Volgens de regering is deze immunisatiecampagne de grootste ter wereld. India telt bijna 1,4 miljard inwoners. Daarmee is het na China het meest bevolkte land. Volgens de planning moeten er op de eerste dag ruim 300.000 mensen zijn ingeënt. Het doel is om deze zomer in elk

geval zo’n 300 miljoen mensen twee doses toe te dienen. De mensen in de zorg zijn het eerste aan de beurt. Daarna komen de ouderen en de mensen met een slechte gezondheid. De overheid gebruikt de kiesregisters om de juiste mensen te bereiken.

Er zijn in totaal 200.000 mensen opgeleid om vaccins toe te dienen en nog eens 370.000 om te assisteren. Verspreid over het hele land zijn er 3.000 vaccinatiecentra ingericht, onder meer in ziekenhuizen, scholen, trouwzalen en gemeentekantoren.

 

Premier Narendra Modi spreekt het land toe bij het begin van de vaccinatiecampagne.

Premier Narendra Modi spreekt het land toe bij het begin van de vaccinatiecampagne. © EPA

Weigering

India gebruikt het vaccin Covishield van AstraZeneca en de Universiteit van Oxford. Het wordt geproduceerd in Pune, een stad in het westen van het land, vlakbij Mumbai. Een ander vaccin, Covaxin, is ook deze maand goedgekeurd. De effectiviteit van dit Indiase vaccin moet echter nog bewezen worden: de testfase is nog niet afgelopen. 

Dat heeft ertoe geleid dat zeker één staat een lading vaccins heeft geweigerd. In een ziekenhuis in New Delhi eisten dokters dat ze het vaccin van AstraZeneca zouden krijgen. Volgens hun vakbond vertrouwden ze het Indiase vaccin niet, omdat het nog getest wordt.

In Maharashtra, de zwaarst getroffen staat, klinkt er ook kritiek. Een ziekenhuisdirecteur laakte de haast van de regering met het eigen vaccin: ,,In haar drang om populistisch te zijn, maakt ze beslissingen die misschien niet in het belang zijn van de gewone burgers.” Premier Modi riep in zijn toespraak op om ‘geruchten over de veiligheid van de vaccins’ niet te geloven. Wat niet helpt is dat lang niet iedereen is overtuigd van het nut van vaccins. Volgens een onderzoek aarzelt bijna 70 procent van de bevolking om zich te laten inenten. 

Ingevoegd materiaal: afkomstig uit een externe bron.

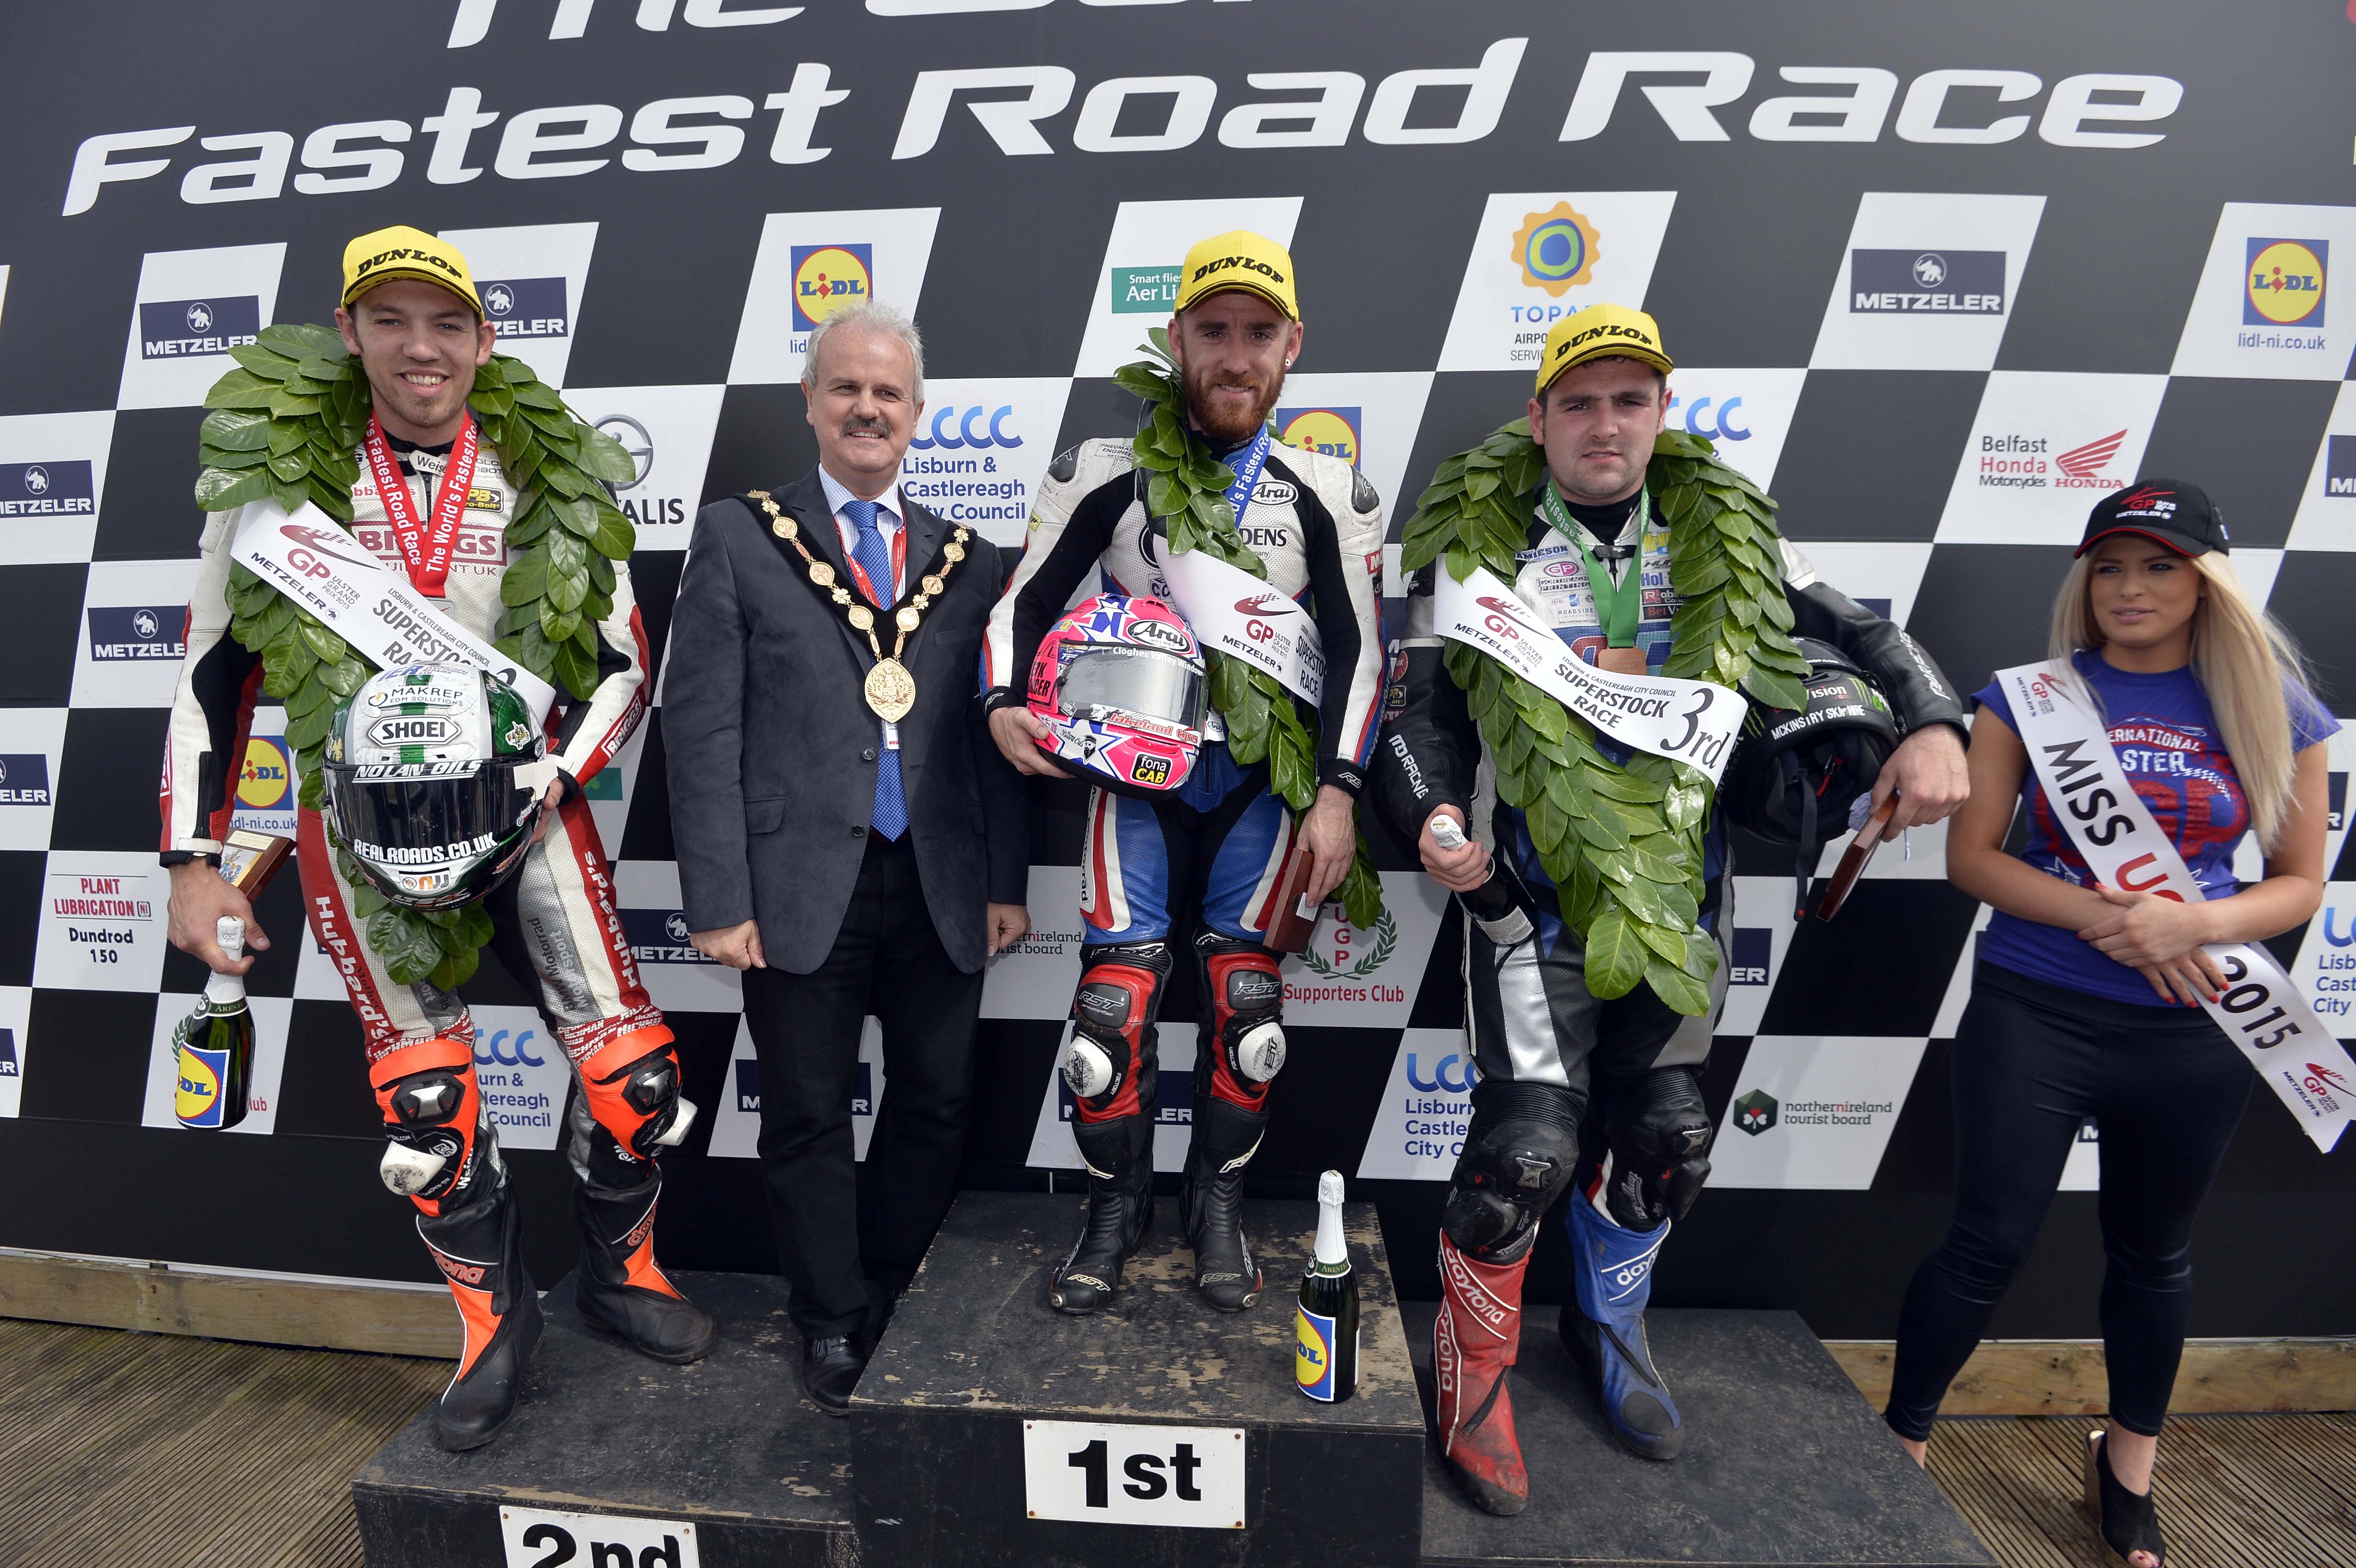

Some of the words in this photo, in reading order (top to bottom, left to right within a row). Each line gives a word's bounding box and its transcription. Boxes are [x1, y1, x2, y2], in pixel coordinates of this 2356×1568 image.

Deskundigen zien ook een ander probleem. India houdt bijvoorbeeld het vervoer en de levering van de vaccins bij via een app. Grote delen van het land hebben echter slecht of helemaal geen internet.

Ontspanning

De laatste cijfers wijzen uit dat er in India inmiddels meer dan 150.000 personen zijn overleden aan het virus. Alleen in de VS en Brazilië stierven er meer mensen. Er zijn al 10,5 miljoen mensen besmet geraakt. Dat is het op één na hoogste aantal, na de VS. De afgelopen tijd daalt dat aantal echter gestaag. In september kwamen er per dag 90.000 nieuwe gevallen bij, maar dat is sindsdien fors afgenomen. Volgens de New York Times heeft dat geleid tot een zekere ontspanning in het land. Het is weer erg druk in de steden, en de mensen nemen het weer het vliegtuig of de trein. Ook valt het op dat lang niet iedereen meer een masker draagt.